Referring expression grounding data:

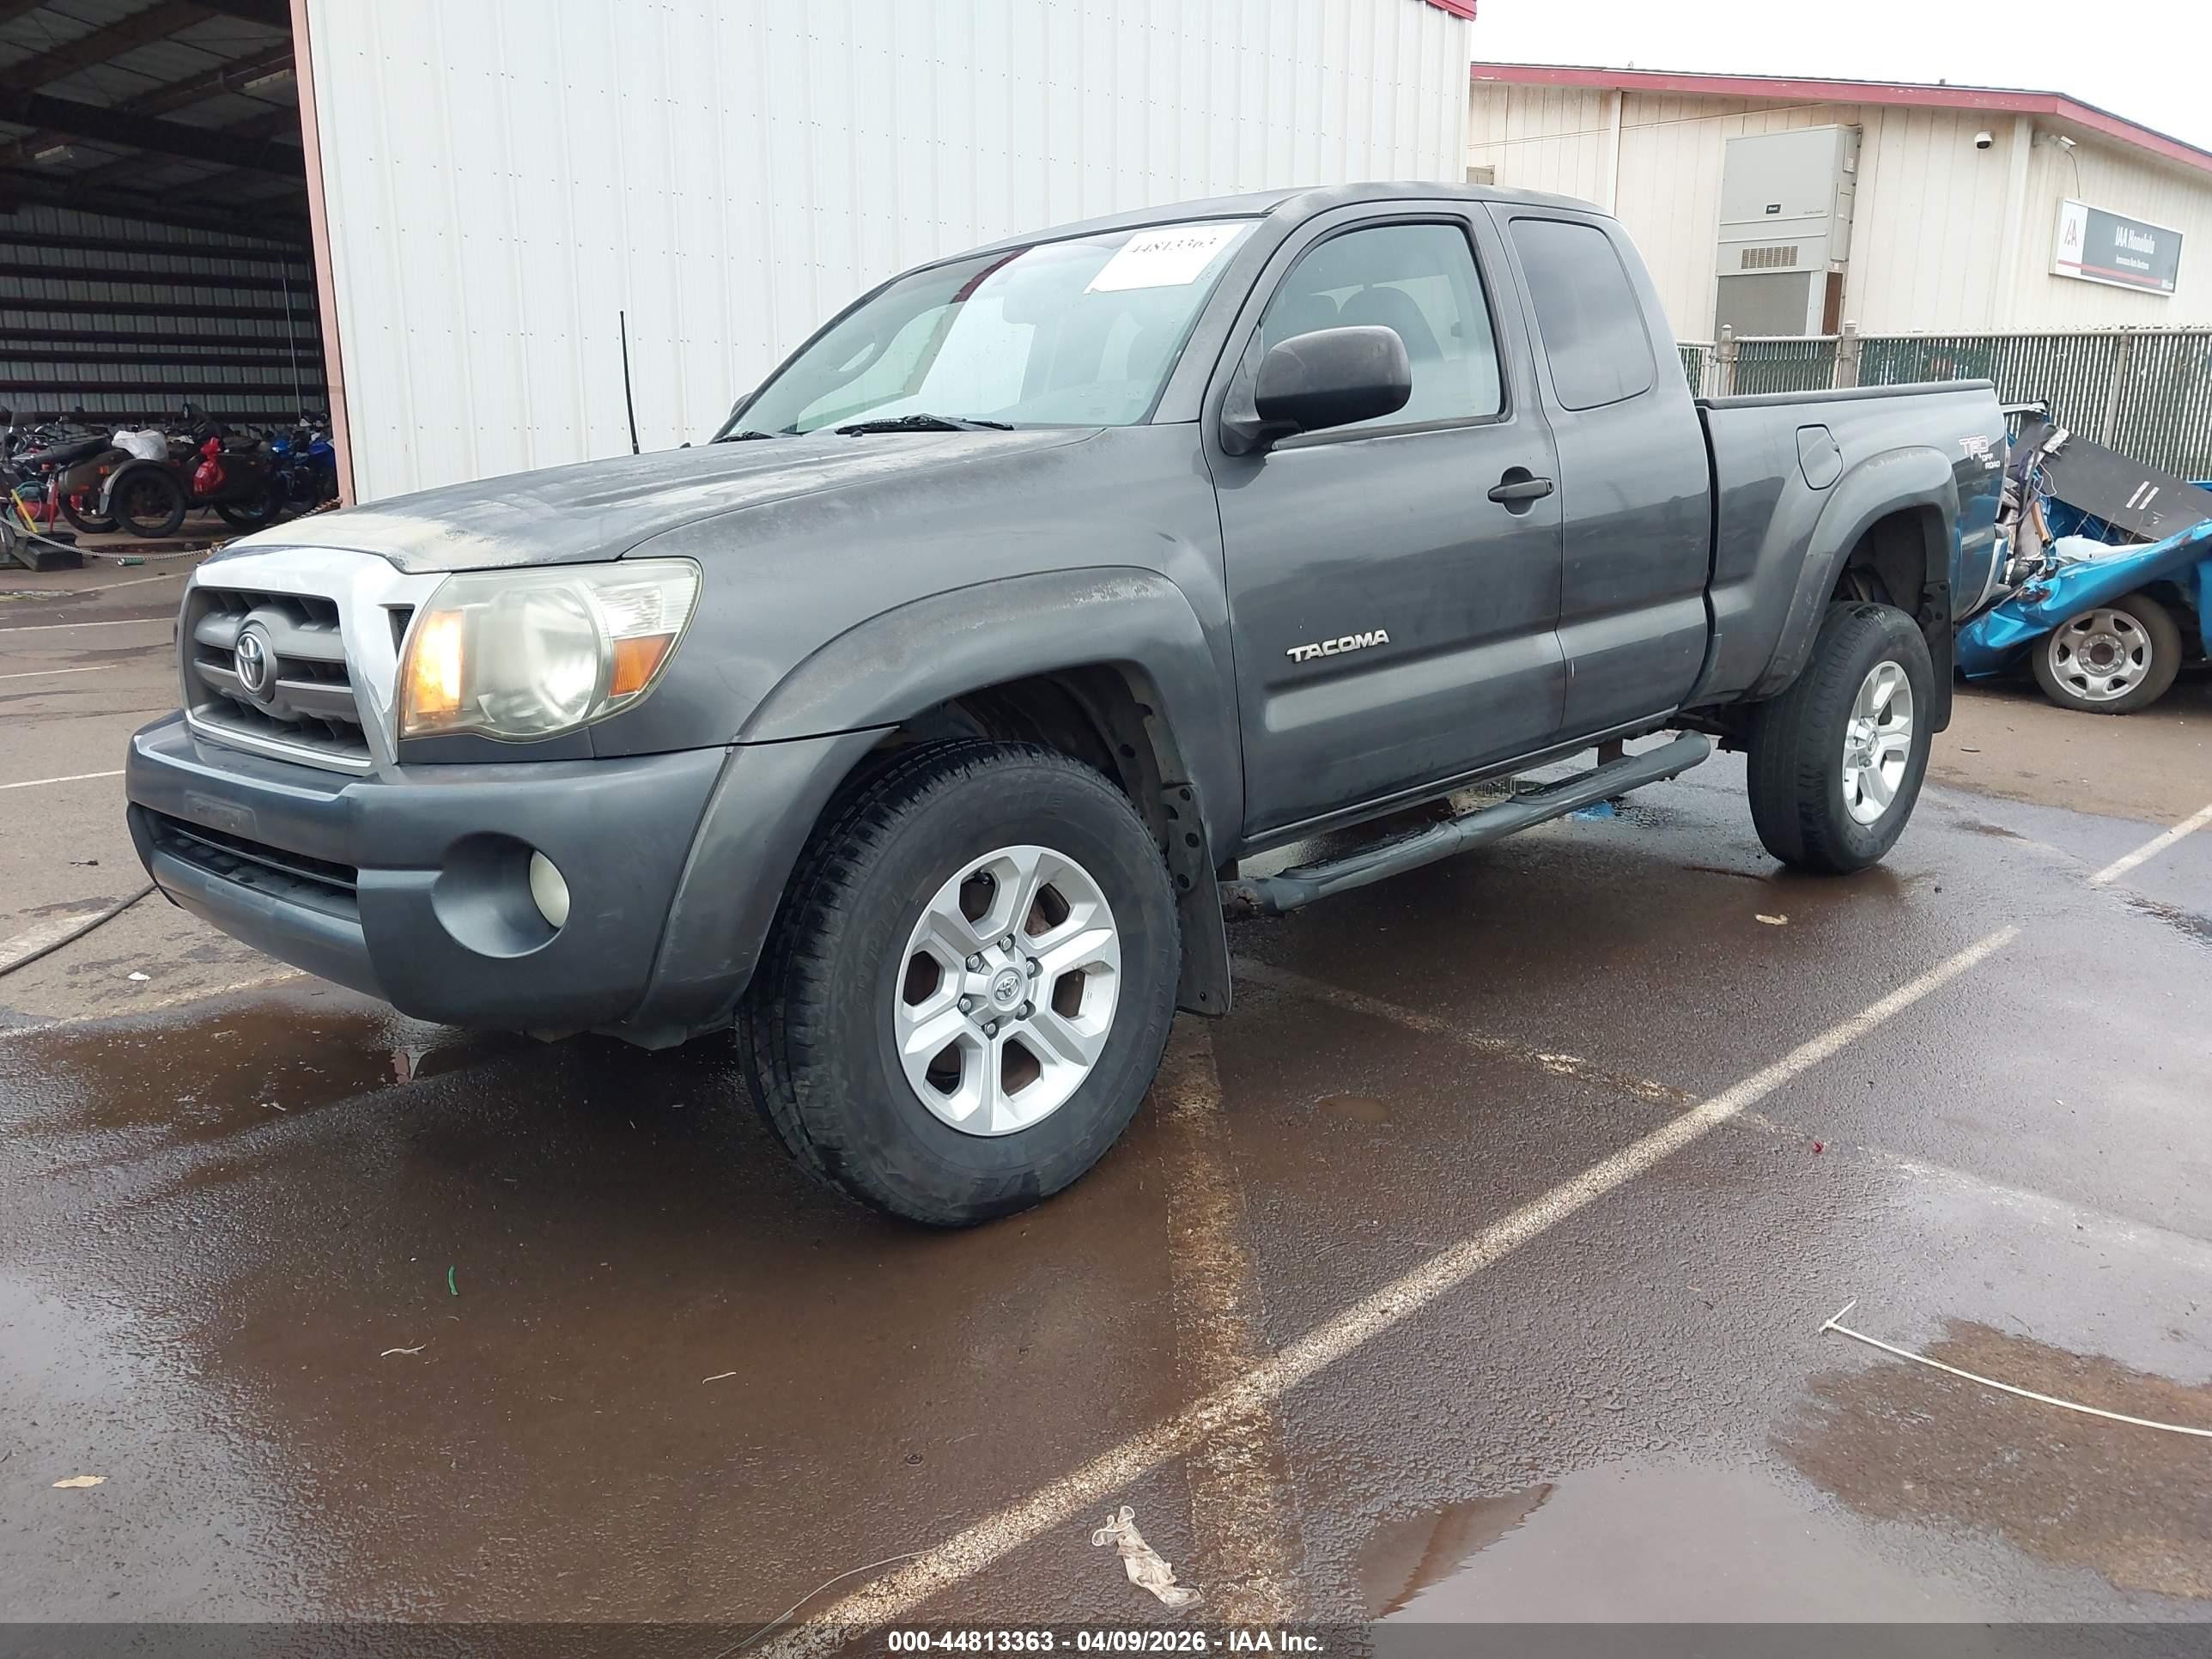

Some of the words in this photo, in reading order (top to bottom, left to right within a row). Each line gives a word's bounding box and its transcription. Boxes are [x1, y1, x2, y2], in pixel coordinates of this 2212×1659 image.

[1958, 434, 1989, 460] TRD
[1981, 453, 1994, 462] OFF
[1984, 460, 2001, 470] ROAD
[1286, 629, 1390, 662] TACOMA

**HOW TO COMPLETE THIS TASK:** From the first line to the last, repeat the records above exactly, leaving out the pictures.

**TASK SOLUTION:**
Some of the words in this photo, in reading order (top to bottom, left to right within a row). Each line gives a word's bounding box and its transcription. Boxes are [x1, y1, x2, y2], in pixel coordinates of this 2212×1659 image.

[1958, 434, 1989, 460] TRD
[1981, 453, 1994, 462] OFF
[1984, 460, 2001, 470] ROAD
[1286, 629, 1390, 662] TACOMA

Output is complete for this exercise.